Please don't buy from Venus, that place has a pretty awful rep for parts that are shipped. If you're gonna go buy anything from them, check out the motor in person.


----------



## S14240SR (Aug 20, 2004)

Neji said:


> i would go with that, ^^^^ , over an SR; or just turbo your KA and get a bad ass rebuild kit.


dont get me wrong because i dont know about RBs, but are they actually cheaper than an SR??? and if yes will the weight of the engine intefere with the balance and control of the car? does it have a distributorless ignition?


----------



## 180SX-X (Sep 21, 2003)

only the RB20DET is cheaper..all the other rB's are more costly..the handling depends on your driving style..


----------



## Neji (Jun 6, 2004)

180SX-X said:


> only the RB20DET is cheaper..all the other rB's are more costly..the handling depends on your driving style..


i think thats pretty accurate, considering i've never driven a 240 with an rb in it, i've heard the weight of an rb vs. an sr or ka is around 190+ pounds... so it would change the handling somewhat.


----------



## AdamAMMP (Sep 26, 2004)

180SX-X said:


> how did you get 190HP from your KA? if its turbo ok, but all motor? i dont think so unless you dished some major cash for internal werk...


I really don't know that much about cars, I have a friend that owns his own shop an he is the one that does all my work.
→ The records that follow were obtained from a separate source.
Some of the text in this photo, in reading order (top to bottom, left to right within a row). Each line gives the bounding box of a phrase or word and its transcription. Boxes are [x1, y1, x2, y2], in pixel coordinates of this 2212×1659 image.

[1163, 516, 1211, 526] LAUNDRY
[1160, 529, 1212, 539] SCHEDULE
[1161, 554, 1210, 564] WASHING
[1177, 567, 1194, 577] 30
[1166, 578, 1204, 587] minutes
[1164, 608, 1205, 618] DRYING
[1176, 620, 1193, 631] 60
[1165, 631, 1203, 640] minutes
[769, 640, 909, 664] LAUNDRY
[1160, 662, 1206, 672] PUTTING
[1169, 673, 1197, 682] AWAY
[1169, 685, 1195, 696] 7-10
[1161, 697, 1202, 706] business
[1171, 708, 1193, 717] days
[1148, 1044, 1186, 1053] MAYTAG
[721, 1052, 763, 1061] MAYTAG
Other than exhaust and intake I'm not sure what else he's done to my car, but the dyno showed 187HP. I know 1600 is a little to much for that, so I'm sure he's done some shit to the actual motor.


----------



## Drift Machine (Aug 22, 2004)

Well I'm a skeptic until I see facts. So mind posting the graph?


----------



## nissanphile (Sep 9, 2004)

Drift Machine said:


> Well I'm a skeptic until I see facts. So mind posting the graph?


I don't recall what company it was but they build all motor ka's and provide parts and service they say can produce 210hp NA. might check them out?


----------



## Nizmodore (May 9, 2003)

What about a CA18DET? its much lighter than a SR20DET and they are a iron block motor and we know what that means......

Still a RB20DET weighs about 220Kg (well estimated.....We did a balance job.....I'll have to get scales and check) which is around 70kg heavier than a SR20, and over 100Kg heavier than a CA18DET.....


----------



## x0dyssey (Mar 26, 2004)

Neji said:


> i think thats pretty accurate, considering i've never driven a 240 with an rb in it, i've heard the weight of an rb vs. an sr or ka is around 190+ pounds... so it would change the handling somewhat.


i know opium can answer this better, but i think he said between the KA24 and the RB20 its only like 60~90 pounds.


----------



## Chuck (Nov 19, 2003)

the ka is iron block too....


----------